■ **Supplied material**:
+++++

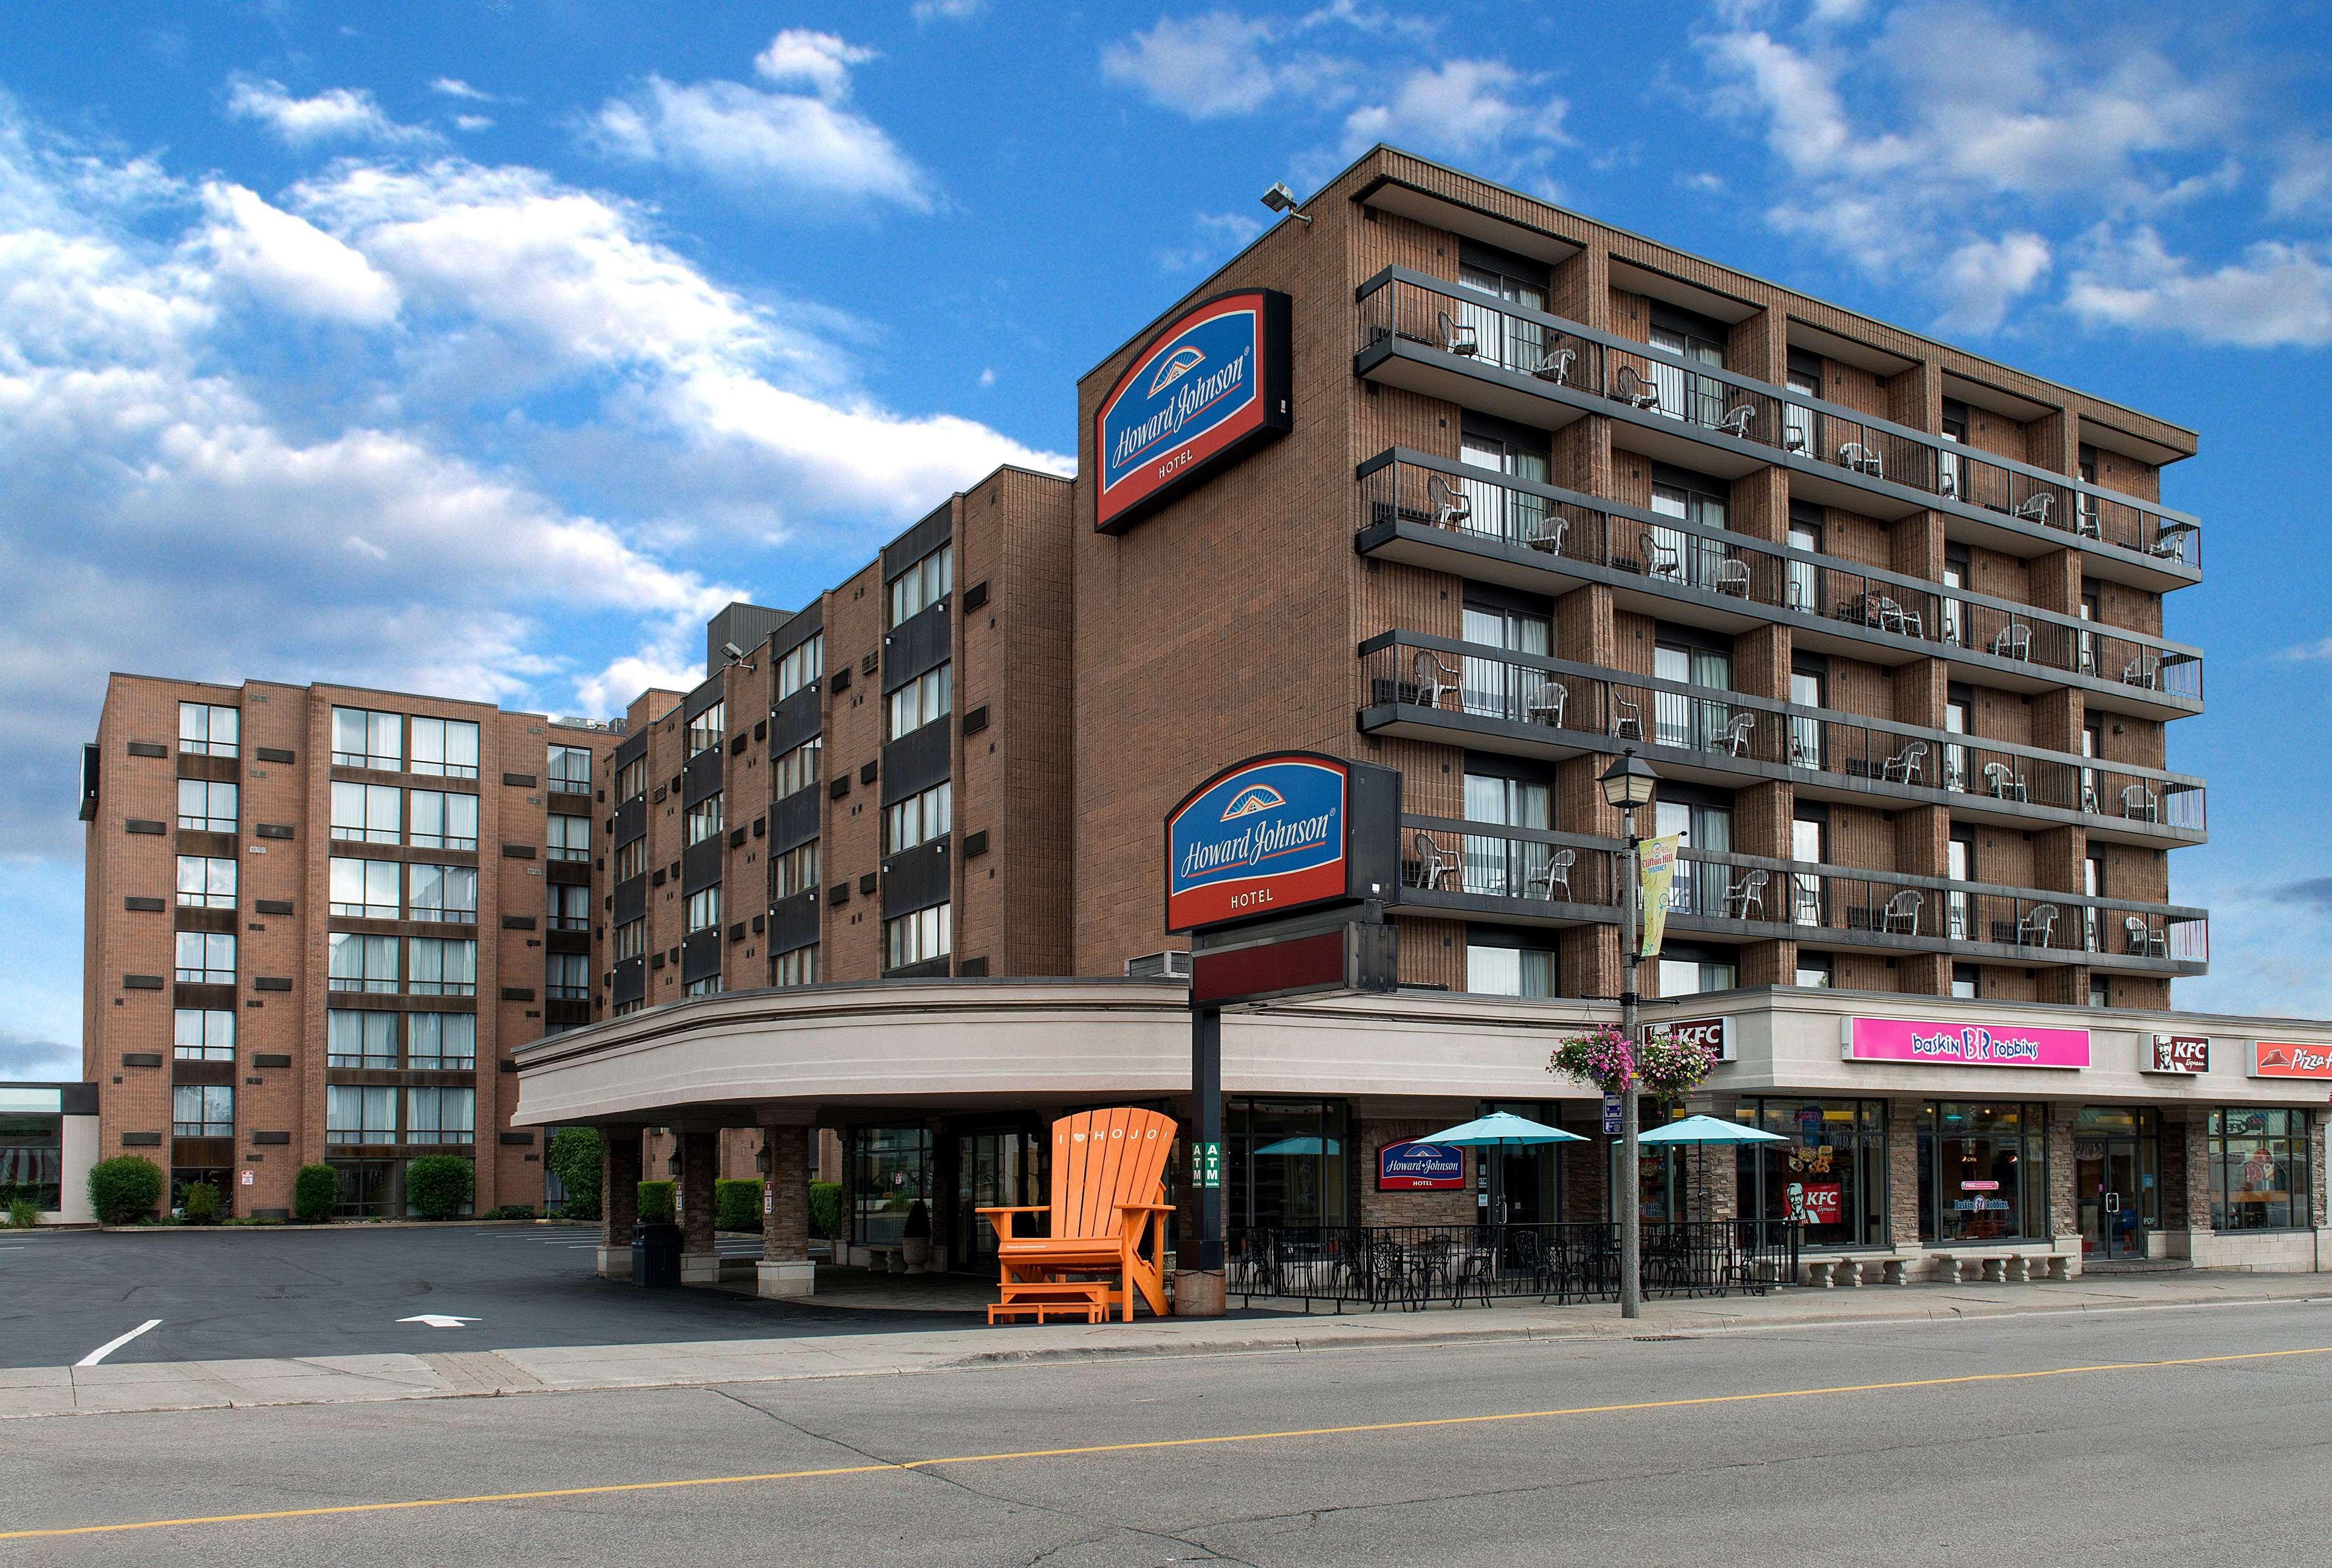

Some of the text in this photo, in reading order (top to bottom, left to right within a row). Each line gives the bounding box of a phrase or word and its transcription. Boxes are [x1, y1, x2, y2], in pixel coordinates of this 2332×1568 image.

[1112, 355, 1244, 469] Howard Johnson
[1158, 448, 1193, 479] HOTEL
[1181, 813, 1327, 878] Howard Johnson
[1642, 853, 1673, 868] Clifton Hill
[1648, 864, 1666, 874] DISTRICT
[1230, 888, 1273, 909] HOTEL
[1678, 1025, 1720, 1045] KFC
[1912, 1027, 2038, 1060] baskin BR robbins
[2173, 1041, 2207, 1059] KFC
[2185, 1058, 2205, 1069] Express
[2291, 1048, 2325, 1071] Pizza
[1797, 1111, 1821, 1122] OPEN
[1059, 1134, 1063, 1144] I
[1206, 1144, 1218, 1180] ATM
[1386, 1159, 1458, 1174] Howard Johnson
[1805, 1191, 1838, 1205] KFC
[1954, 1199, 1974, 1210] Baskin
[1985, 1199, 2008, 1210] Robbins
[1817, 1205, 1837, 1215] Express
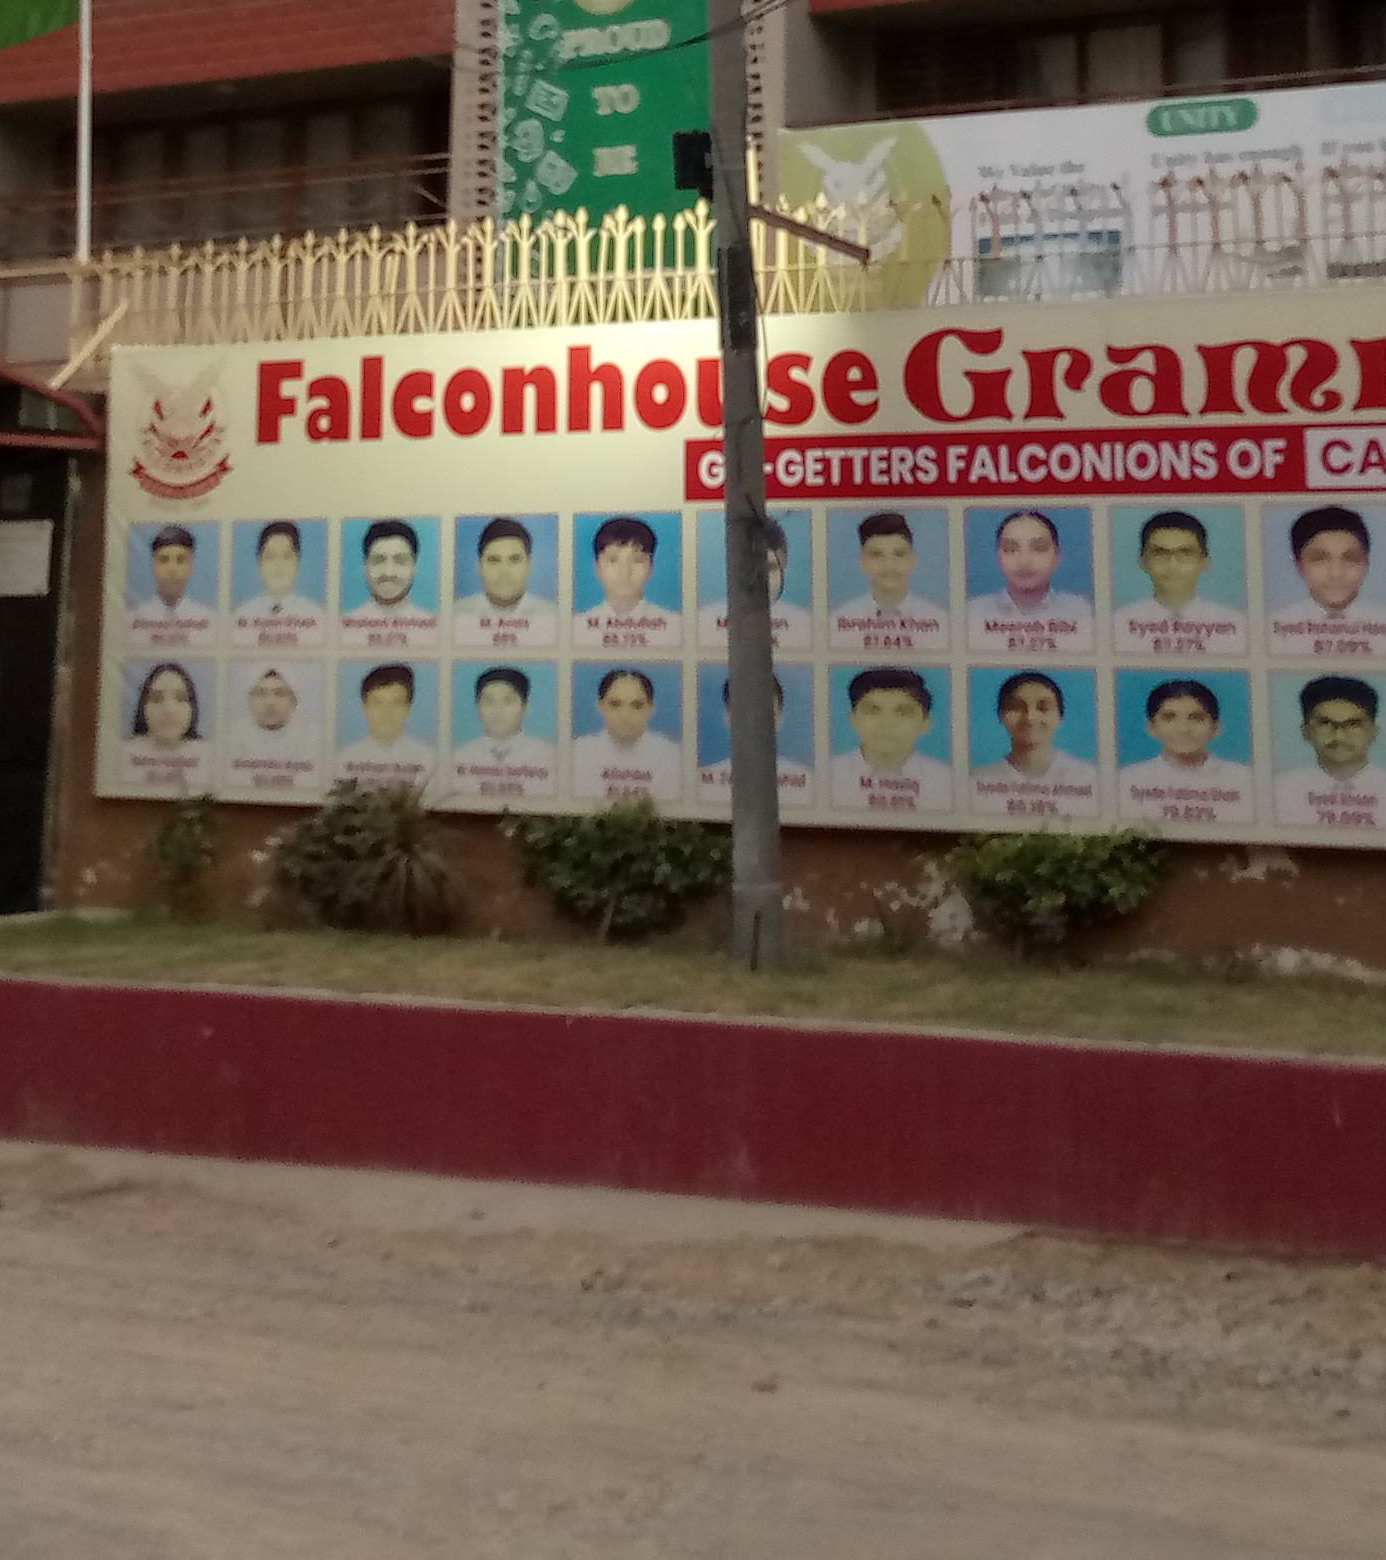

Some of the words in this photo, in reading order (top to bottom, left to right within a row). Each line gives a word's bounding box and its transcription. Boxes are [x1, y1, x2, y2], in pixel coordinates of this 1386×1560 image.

[698, 444, 941, 489] G-GETTERS
[945, 439, 1218, 486] FALCONIONS
[1226, 438, 1287, 480] OF

+++++

■ **Work instruction**:
Would you repeat the listing above exactly, minus the images?

■ **Solved problem**:
Some of the text in this photo, in reading order (top to bottom, left to right within a row). Each line gives the bounding box of a phrase or word and its transcription. Boxes are [x1, y1, x2, y2], in pixel coordinates of this 2332×1568 image.

[1112, 355, 1244, 469] Howard Johnson
[1158, 448, 1193, 479] HOTEL
[1181, 813, 1327, 878] Howard Johnson
[1642, 853, 1673, 868] Clifton Hill
[1648, 864, 1666, 874] DISTRICT
[1230, 888, 1273, 909] HOTEL
[1678, 1025, 1720, 1045] KFC
[1912, 1027, 2038, 1060] baskin BR robbins
[2173, 1041, 2207, 1059] KFC
[2185, 1058, 2205, 1069] Express
[2291, 1048, 2325, 1071] Pizza
[1797, 1111, 1821, 1122] OPEN
[1059, 1134, 1063, 1144] I
[1206, 1144, 1218, 1180] ATM
[1386, 1159, 1458, 1174] Howard Johnson
[1805, 1191, 1838, 1205] KFC
[1954, 1199, 1974, 1210] Baskin
[1985, 1199, 2008, 1210] Robbins
[1817, 1205, 1837, 1215] Express

Some of the words in this photo, in reading order (top to bottom, left to right within a row). Each line gives a word's bounding box and its transcription. Boxes are [x1, y1, x2, y2], in pixel coordinates of this 1386×1560 image.

[698, 444, 941, 489] G-GETTERS
[945, 439, 1218, 486] FALCONIONS
[1226, 438, 1287, 480] OF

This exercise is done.